## Activity
Transcribe the full listing exactly, and drop every picture.

## Input material
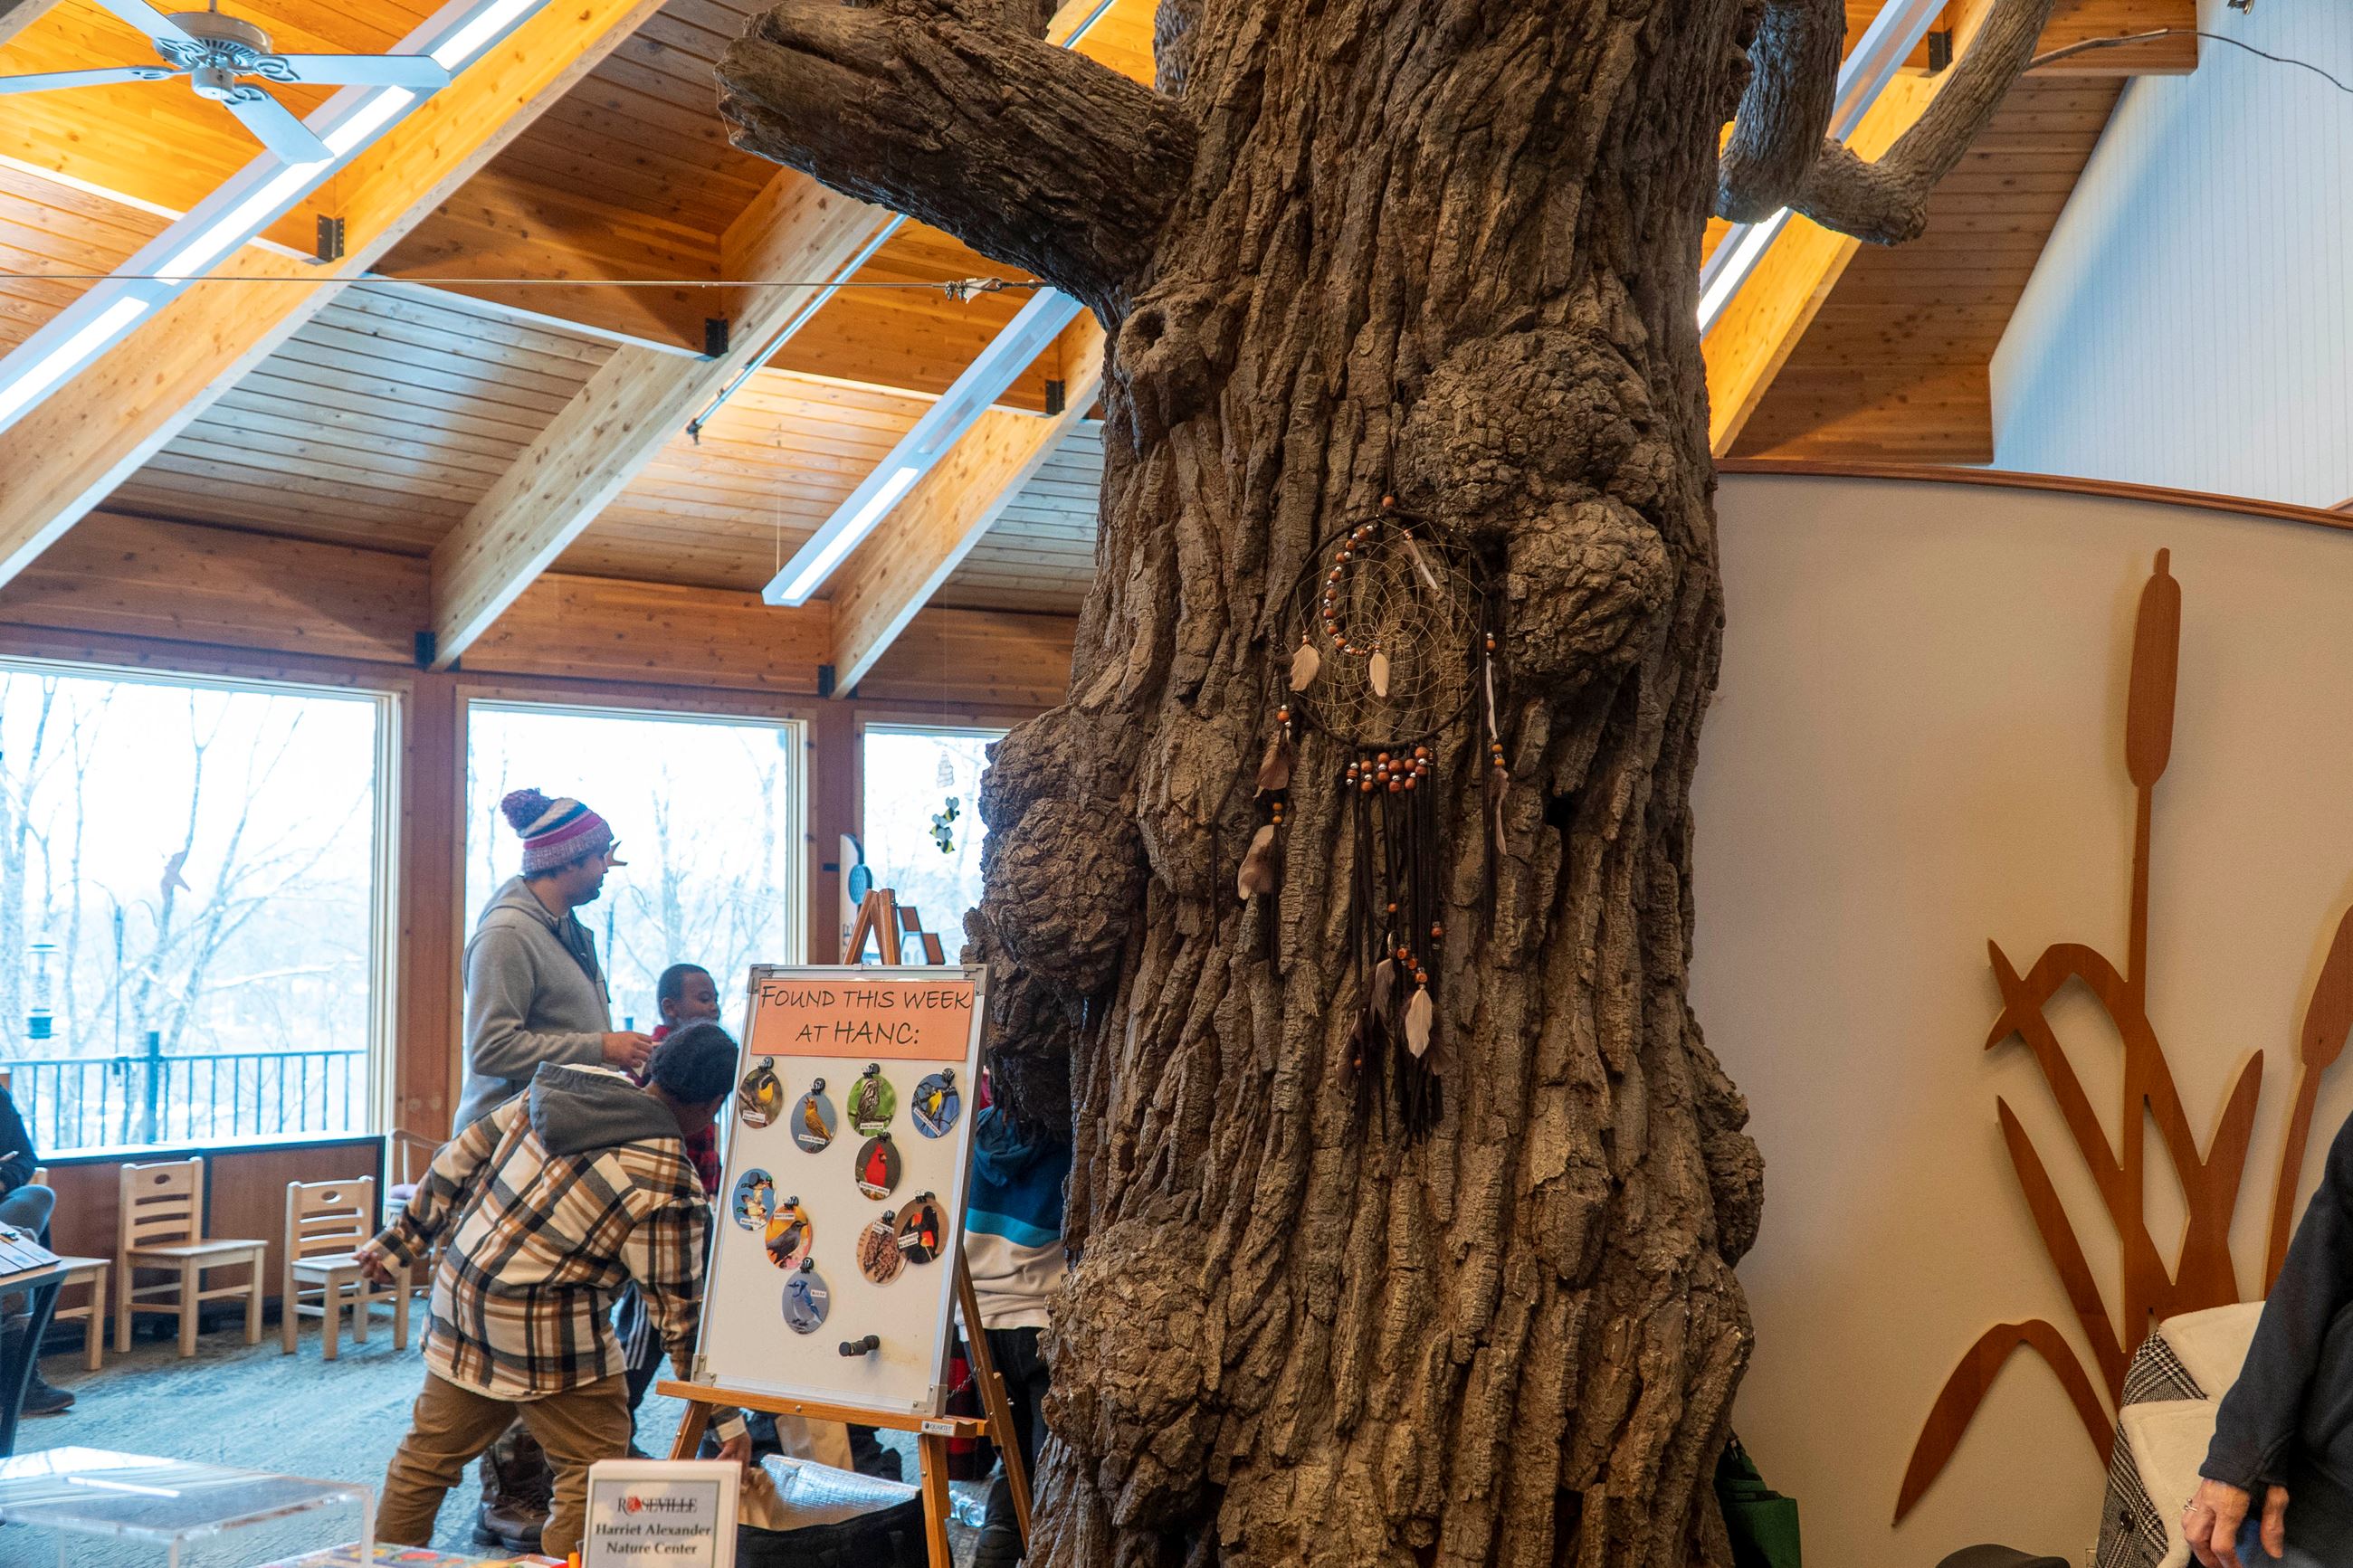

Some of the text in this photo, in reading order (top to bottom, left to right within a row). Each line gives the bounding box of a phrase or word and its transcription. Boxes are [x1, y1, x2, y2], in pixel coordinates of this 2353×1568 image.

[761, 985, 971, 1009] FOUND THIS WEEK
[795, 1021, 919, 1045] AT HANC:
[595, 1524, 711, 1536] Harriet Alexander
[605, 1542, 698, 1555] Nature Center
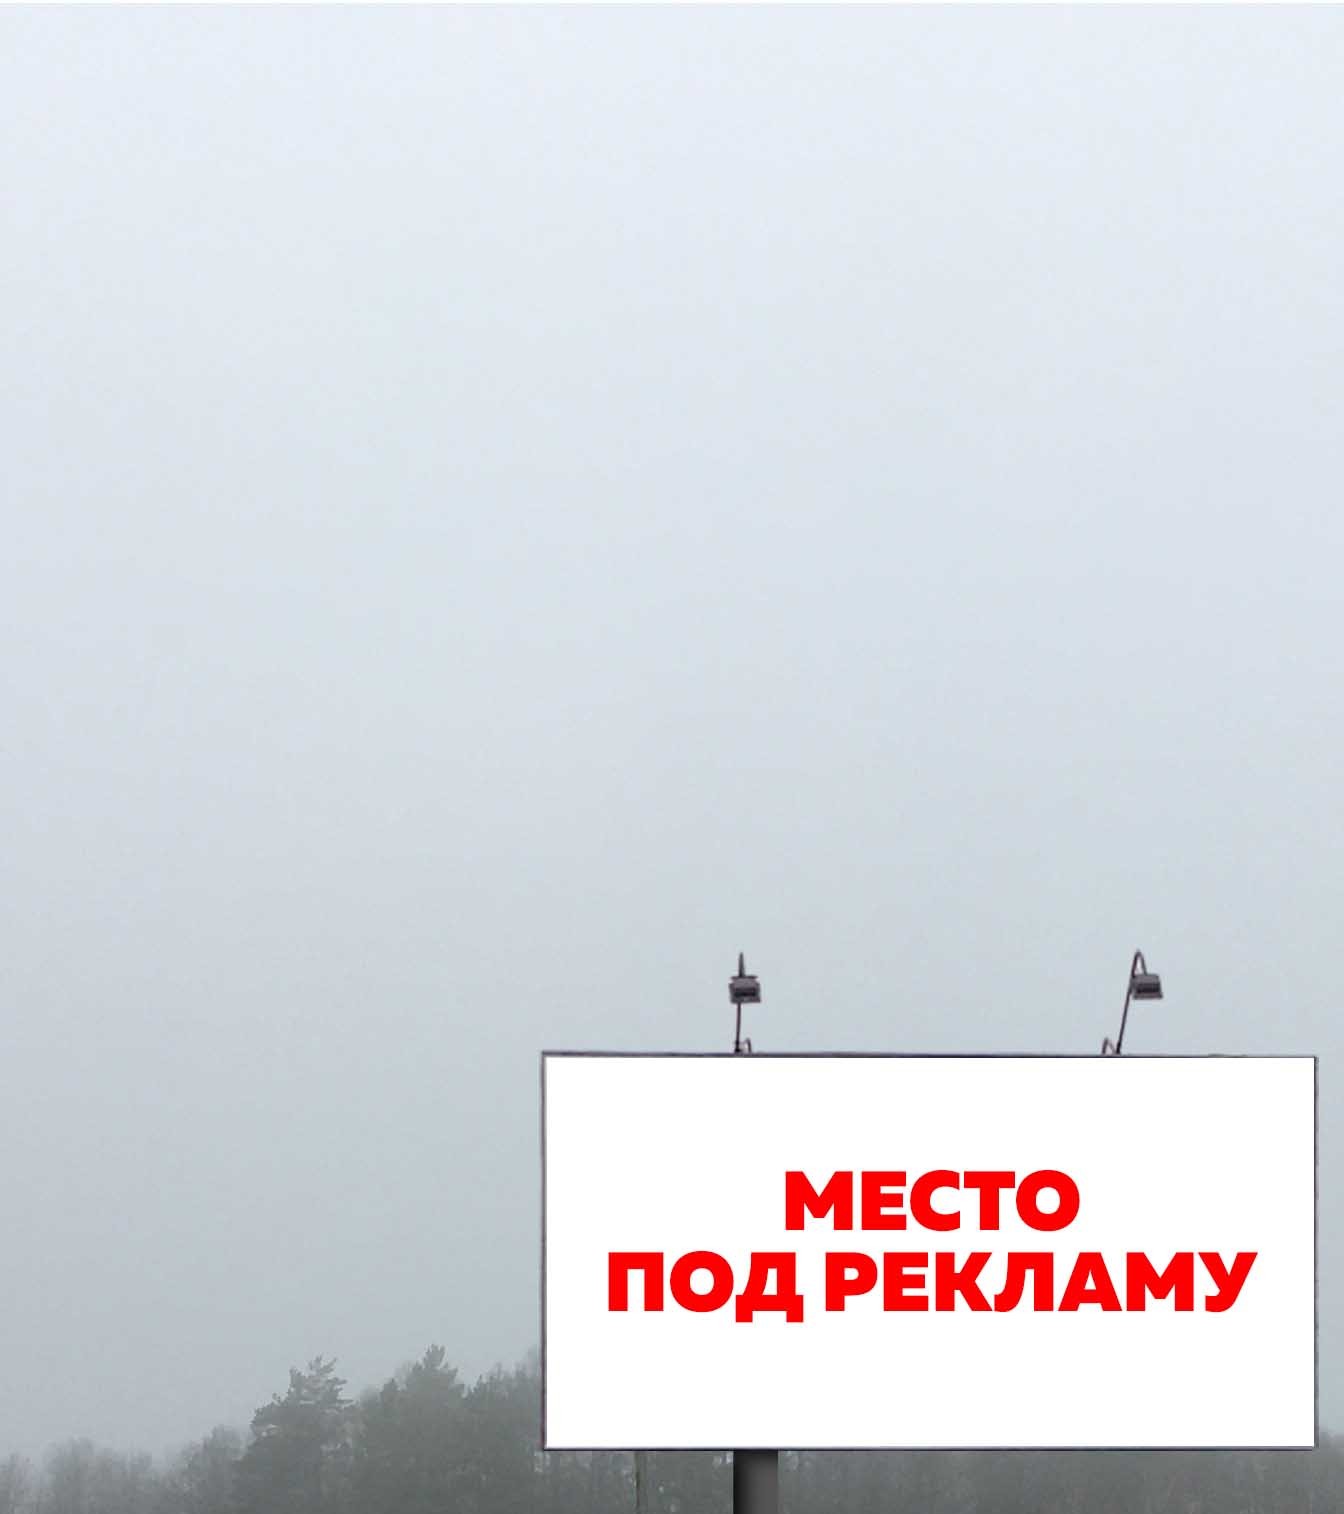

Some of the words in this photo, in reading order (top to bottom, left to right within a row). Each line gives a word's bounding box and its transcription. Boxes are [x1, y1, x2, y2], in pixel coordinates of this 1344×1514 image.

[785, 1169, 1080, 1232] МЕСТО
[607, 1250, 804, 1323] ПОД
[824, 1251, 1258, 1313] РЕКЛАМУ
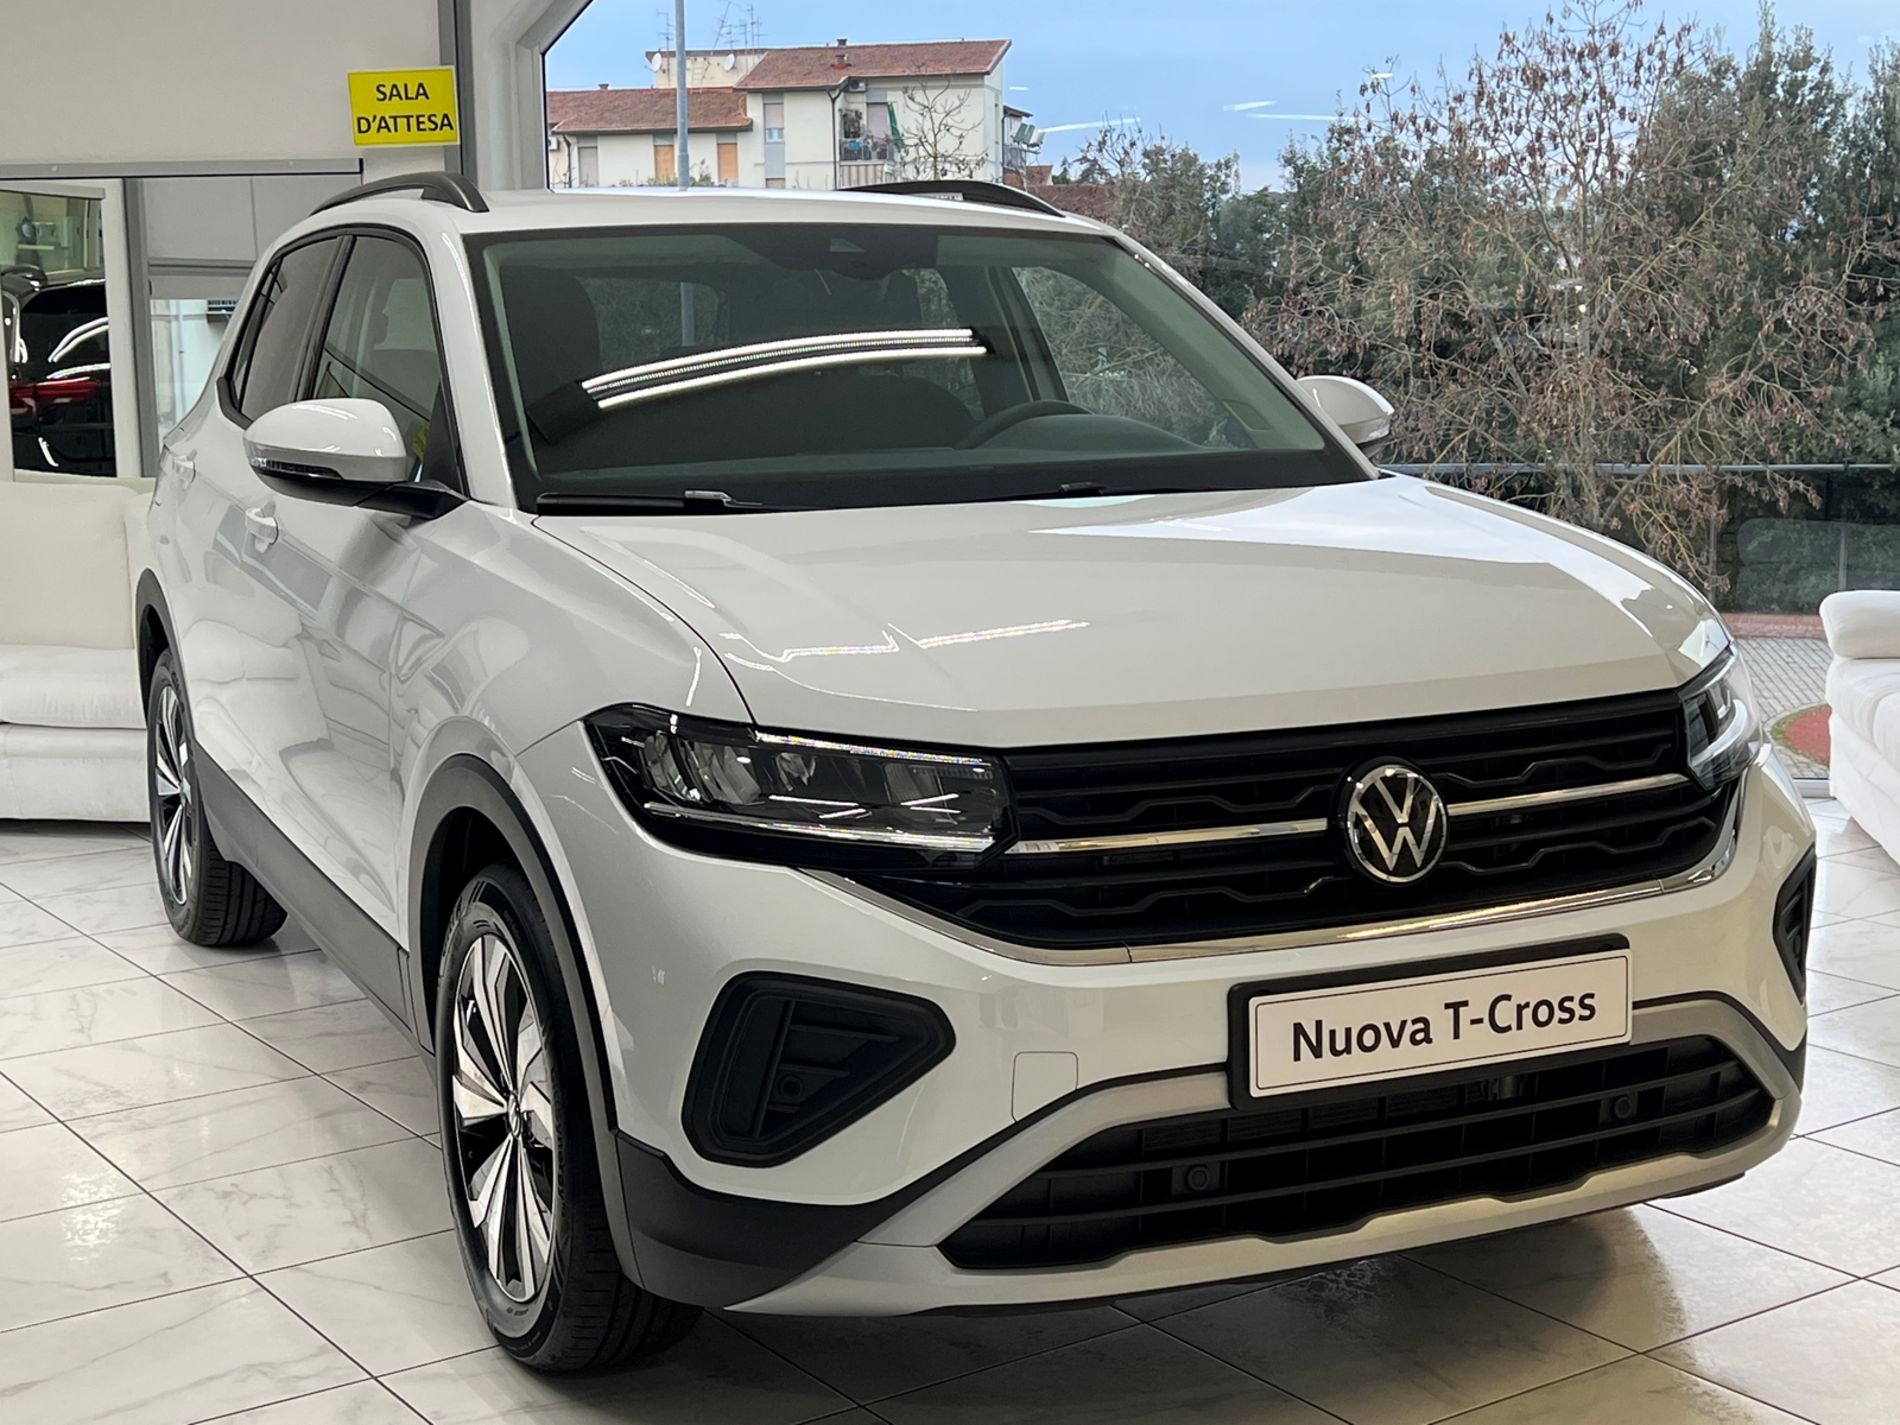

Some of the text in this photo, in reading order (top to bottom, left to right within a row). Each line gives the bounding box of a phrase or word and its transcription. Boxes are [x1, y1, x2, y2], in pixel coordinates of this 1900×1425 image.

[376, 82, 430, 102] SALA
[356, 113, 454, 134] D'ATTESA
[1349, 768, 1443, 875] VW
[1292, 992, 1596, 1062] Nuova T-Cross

## Result of the task
Some of the text in this photo, in reading order (top to bottom, left to right within a row). Each line gives the bounding box of a phrase or word and its transcription. Boxes are [x1, y1, x2, y2], in pixel coordinates of this 2353×1568 image.

[761, 985, 971, 1009] FOUND THIS WEEK
[795, 1021, 919, 1045] AT HANC:
[595, 1524, 711, 1536] Harriet Alexander
[605, 1542, 698, 1555] Nature Center

Some of the words in this photo, in reading order (top to bottom, left to right within a row). Each line gives a word's bounding box and its transcription. Boxes are [x1, y1, x2, y2], in pixel coordinates of this 1344×1514 image.

[785, 1169, 1080, 1232] МЕСТО
[607, 1250, 804, 1323] ПОД
[824, 1251, 1258, 1313] РЕКЛАМУ

Some of the text in this photo, in reading order (top to bottom, left to right within a row). Each line gives the bounding box of a phrase or word and its transcription. Boxes are [x1, y1, x2, y2], in pixel coordinates of this 1900×1425 image.

[376, 82, 430, 102] SALA
[356, 113, 454, 134] D'ATTESA
[1349, 768, 1443, 875] VW
[1292, 992, 1596, 1062] Nuova T-Cross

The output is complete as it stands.